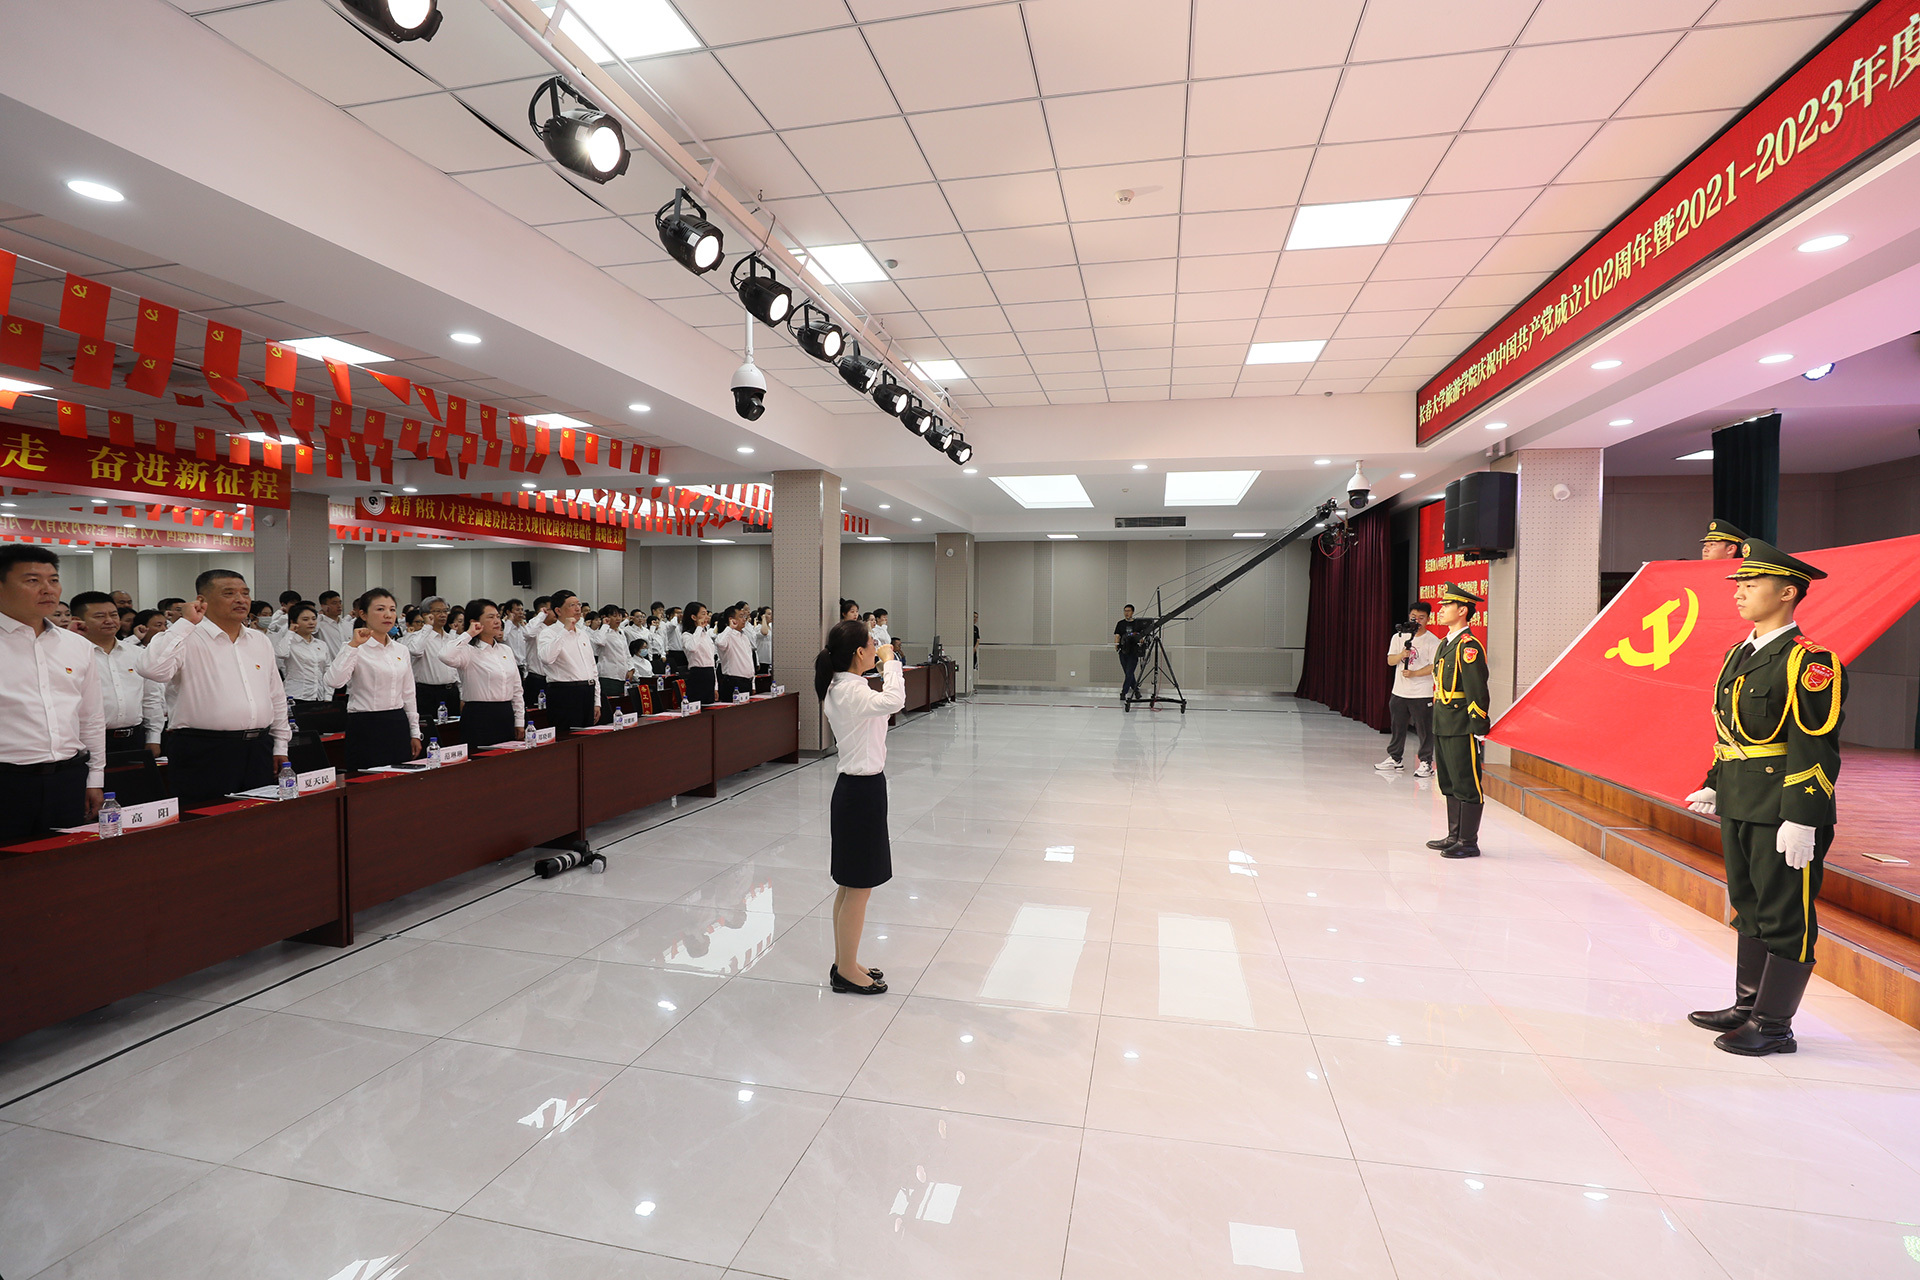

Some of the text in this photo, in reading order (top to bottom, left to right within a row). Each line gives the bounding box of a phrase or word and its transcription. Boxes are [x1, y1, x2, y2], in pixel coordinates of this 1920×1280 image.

[1, 432, 280, 500] 走 奋进新征程
[390, 495, 411, 517] 教育
[415, 498, 436, 519] 科技
[304, 775, 329, 788] 夏天民
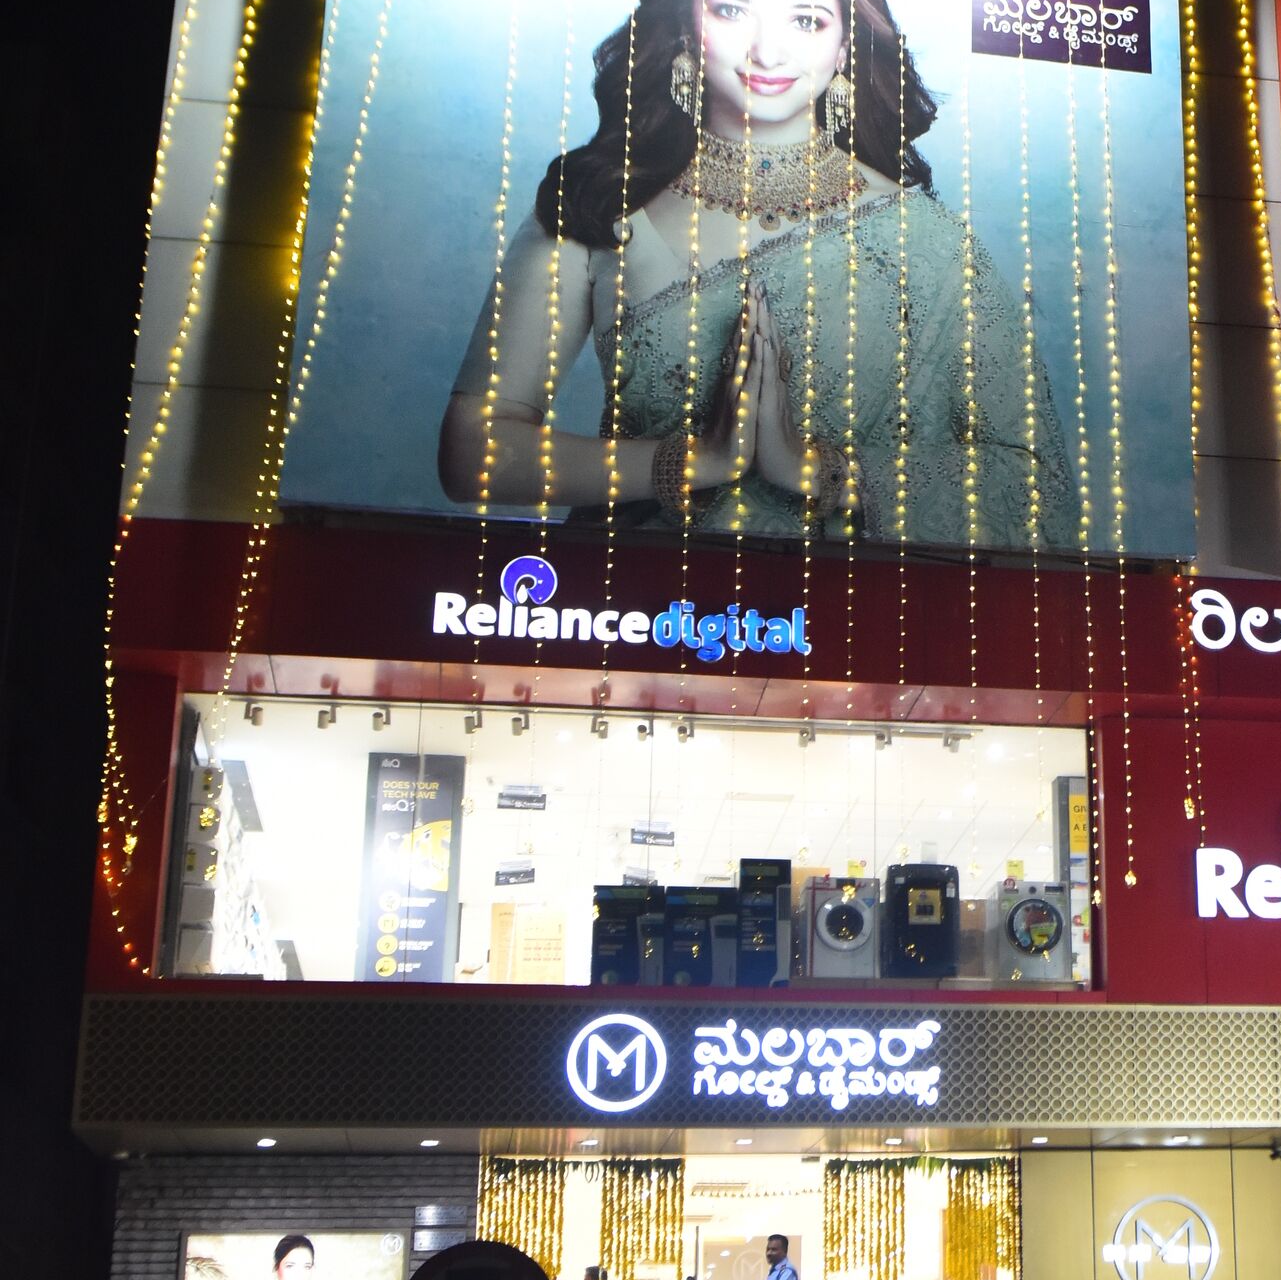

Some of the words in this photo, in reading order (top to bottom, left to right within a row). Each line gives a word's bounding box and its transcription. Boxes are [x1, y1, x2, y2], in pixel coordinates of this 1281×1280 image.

[1049, 25, 1060, 39] &
[383, 780, 409, 789] DOES
[693, 1018, 941, 1067] ಮಲಬಾರ್

####

#### What needs to be done
Print the line containing "Some of the words", then every line after it through the last line of the records, each exactly as written; nothing else belongs in the answer.

#### Answer to this problem
Some of the words in this photo, in reading order (top to bottom, left to right within a row). Each line gives a word's bounding box and its transcription. Boxes are [x1, y1, x2, y2], in pixel coordinates of this 1281×1280 image.

[1049, 25, 1060, 39] &
[383, 780, 409, 789] DOES
[693, 1018, 941, 1067] ಮಲಬಾರ್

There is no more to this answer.